1. Personal data controller, in compliance with GDPR (hereinafter referred to as „Regulation“), is UAB FITNESS PRODUCE, company ID 304826592, based in Lithuania (hereinafter referred to as „Controller“);
2. The contact details of the Controller are: email: [email protected];
3. Personal data is any information that relates to an identified or identifiable natural person.
The source of personal data
1. Controller processes personal data obtained with consent from Customer and collected through the contract to purchase and fulfillment of the electronic order created in the online store www.fitnessproduce.nl .;
2. Controller processes only the identifying and contact details of Customer which are necessary for the fulfillment of the contract to purchase;
3. Controller processes personal data for the shipping and accounting purposes and for the necessary communication between the contracting parties for the duration required by law. Personal data will not be made public and will not be transferred to other countries.
Purpose of data processing
Controller processes personal data of the Customer for the following purposes:
1. Registration on the website www.fitnessproduce.nl in compliance with Chapter 4, Section 2 of GDPR;
2. For fulfillment of the electronic order created by Customer (name, address, email, telephone number);
3. To observe law and regulations arising from the contractual relationship between Customer and Controller;
4. Personal data is necessary for the fulfillment of the contract to purchase. The contract cannot be concluded without personal data.
Duration of personal data storage
1. The controller stores personal data for the period necessary for the fulfillment of rights and obligations arising from the contractual relationship between Controller and Customer and for the duration of 3 years following the conclusion of the contractual relationship;
2. The controller must delete all personal data after the expiration of the period required for the storage of personal data.
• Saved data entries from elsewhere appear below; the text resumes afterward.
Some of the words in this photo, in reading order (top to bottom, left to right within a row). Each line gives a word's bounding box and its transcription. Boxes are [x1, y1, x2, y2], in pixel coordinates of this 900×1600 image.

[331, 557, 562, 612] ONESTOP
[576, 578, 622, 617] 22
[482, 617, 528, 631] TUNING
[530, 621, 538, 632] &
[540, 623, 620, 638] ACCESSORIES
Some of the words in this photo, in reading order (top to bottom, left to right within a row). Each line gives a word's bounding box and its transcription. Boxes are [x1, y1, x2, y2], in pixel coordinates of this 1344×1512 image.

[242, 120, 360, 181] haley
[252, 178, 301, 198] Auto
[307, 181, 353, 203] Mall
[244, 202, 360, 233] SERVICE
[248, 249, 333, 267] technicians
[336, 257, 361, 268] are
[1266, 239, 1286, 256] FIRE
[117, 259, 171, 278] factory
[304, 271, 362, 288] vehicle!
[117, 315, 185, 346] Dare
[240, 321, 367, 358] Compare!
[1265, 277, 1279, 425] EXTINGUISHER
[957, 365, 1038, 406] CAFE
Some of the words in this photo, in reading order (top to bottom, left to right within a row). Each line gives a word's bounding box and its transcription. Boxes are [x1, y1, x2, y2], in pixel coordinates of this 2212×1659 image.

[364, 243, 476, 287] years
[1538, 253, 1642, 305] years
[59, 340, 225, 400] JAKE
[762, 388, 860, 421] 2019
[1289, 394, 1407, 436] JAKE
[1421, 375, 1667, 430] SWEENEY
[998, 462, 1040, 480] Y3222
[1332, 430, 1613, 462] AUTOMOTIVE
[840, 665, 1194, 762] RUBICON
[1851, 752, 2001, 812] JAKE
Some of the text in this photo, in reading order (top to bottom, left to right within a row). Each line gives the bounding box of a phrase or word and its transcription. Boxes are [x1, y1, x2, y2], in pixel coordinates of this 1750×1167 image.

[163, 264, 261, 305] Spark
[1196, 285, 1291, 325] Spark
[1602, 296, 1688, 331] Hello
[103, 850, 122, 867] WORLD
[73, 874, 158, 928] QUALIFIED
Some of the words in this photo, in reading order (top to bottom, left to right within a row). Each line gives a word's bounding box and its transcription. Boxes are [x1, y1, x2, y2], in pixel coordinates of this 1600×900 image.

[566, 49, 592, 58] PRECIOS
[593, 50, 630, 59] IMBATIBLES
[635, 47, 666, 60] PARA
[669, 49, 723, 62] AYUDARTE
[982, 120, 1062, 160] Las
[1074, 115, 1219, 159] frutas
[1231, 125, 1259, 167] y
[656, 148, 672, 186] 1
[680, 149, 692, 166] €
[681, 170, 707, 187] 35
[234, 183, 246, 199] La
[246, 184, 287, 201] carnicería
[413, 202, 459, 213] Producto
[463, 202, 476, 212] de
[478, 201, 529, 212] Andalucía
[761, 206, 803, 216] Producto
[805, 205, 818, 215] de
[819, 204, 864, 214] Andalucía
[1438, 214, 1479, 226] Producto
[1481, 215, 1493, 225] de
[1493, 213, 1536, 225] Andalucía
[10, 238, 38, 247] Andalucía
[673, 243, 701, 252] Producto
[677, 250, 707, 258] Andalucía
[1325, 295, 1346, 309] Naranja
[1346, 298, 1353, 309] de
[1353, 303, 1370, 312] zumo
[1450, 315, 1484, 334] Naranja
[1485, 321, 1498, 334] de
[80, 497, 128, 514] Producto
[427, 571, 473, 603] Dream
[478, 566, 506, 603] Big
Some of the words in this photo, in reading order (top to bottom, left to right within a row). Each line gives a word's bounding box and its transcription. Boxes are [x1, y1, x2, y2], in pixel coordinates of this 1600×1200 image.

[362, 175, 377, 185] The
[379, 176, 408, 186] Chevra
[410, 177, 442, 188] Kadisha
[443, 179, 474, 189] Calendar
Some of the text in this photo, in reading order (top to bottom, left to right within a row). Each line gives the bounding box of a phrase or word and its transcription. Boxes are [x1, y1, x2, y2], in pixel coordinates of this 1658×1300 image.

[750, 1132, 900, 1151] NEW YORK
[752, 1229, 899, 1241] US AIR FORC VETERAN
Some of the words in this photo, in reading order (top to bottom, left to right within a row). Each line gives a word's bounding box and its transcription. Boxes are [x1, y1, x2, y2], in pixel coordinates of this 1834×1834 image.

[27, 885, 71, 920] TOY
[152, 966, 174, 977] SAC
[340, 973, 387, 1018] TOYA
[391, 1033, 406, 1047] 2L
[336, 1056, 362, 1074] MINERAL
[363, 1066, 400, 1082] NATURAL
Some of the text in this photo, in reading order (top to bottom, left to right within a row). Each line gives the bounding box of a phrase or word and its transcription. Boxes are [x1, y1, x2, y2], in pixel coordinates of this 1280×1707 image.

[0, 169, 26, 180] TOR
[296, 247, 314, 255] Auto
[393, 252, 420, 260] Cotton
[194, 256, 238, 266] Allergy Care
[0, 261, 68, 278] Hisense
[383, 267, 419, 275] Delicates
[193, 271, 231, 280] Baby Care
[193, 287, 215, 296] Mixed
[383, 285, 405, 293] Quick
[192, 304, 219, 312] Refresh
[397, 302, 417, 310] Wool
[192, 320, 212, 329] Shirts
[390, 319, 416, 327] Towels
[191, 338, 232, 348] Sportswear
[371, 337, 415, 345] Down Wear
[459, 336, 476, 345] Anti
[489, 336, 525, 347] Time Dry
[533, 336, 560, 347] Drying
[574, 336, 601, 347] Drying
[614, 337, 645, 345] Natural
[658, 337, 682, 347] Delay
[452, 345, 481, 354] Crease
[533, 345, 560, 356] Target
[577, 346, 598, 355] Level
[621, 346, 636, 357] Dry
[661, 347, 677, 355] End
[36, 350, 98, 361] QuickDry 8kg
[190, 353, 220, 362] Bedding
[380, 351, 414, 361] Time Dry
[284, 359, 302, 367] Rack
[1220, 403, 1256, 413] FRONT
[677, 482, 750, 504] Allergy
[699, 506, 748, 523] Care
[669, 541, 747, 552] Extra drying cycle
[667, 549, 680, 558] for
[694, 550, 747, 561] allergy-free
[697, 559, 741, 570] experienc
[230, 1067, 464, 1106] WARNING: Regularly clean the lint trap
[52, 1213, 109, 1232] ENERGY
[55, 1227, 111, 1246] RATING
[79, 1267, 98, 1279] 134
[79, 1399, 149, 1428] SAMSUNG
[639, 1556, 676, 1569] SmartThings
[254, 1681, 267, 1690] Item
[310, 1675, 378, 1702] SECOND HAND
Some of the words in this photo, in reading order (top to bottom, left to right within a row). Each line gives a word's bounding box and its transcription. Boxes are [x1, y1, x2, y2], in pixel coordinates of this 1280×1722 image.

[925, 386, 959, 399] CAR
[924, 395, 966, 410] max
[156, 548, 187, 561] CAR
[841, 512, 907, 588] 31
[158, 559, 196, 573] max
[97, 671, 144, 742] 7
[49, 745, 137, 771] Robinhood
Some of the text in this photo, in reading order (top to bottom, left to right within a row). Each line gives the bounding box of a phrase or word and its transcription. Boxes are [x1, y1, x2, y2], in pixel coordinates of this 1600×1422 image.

Recipients and processors of personal data
Third parties processing personal data of the Customer are subcontractors of the Controller. Services of these subcontractors are indispensable for the successful fulfillment of the contract to purchase and processing of the electronic order between Controller and Customer.
Subcontractors of the Controller are:
Lightspeed (online store system);
Google Analytics (website analytics);
Rights of Customer
In compliance with the Regulation, Customer is entitled to:
1. The right of access to personal data;
2. The right to rectification of personal data;
3. The right to the erasure of personal data;
4. The right to object to the processing of personal data;
5. The right to data portability;
6. The right to withdraw consent to the processing of personal data in writing or by e-mail sent to [email protected];
7. the right to lodge a complaint with the supervisory authority in case of a suspected breach of the Regulation.
Security of personal data
1. Controller declares to take all technical and organizational precautions necessary for the protection of personal data;
2. The controller has taken technical precautions to secure data storage spaces, in particular securing access to the computer with a password, using antivirus software and performing regular maintenance of the computers.
1. By placing an electronic order on the website [email protected] Customer confirms to be informed about all the conditions of personal data protection and accepts them to the full extent;
2. Customer accepts these rules by ticking the checkbox in the order purchase form;
3. The controller can update these Rules at any time. The new, updated version has to be published on his website.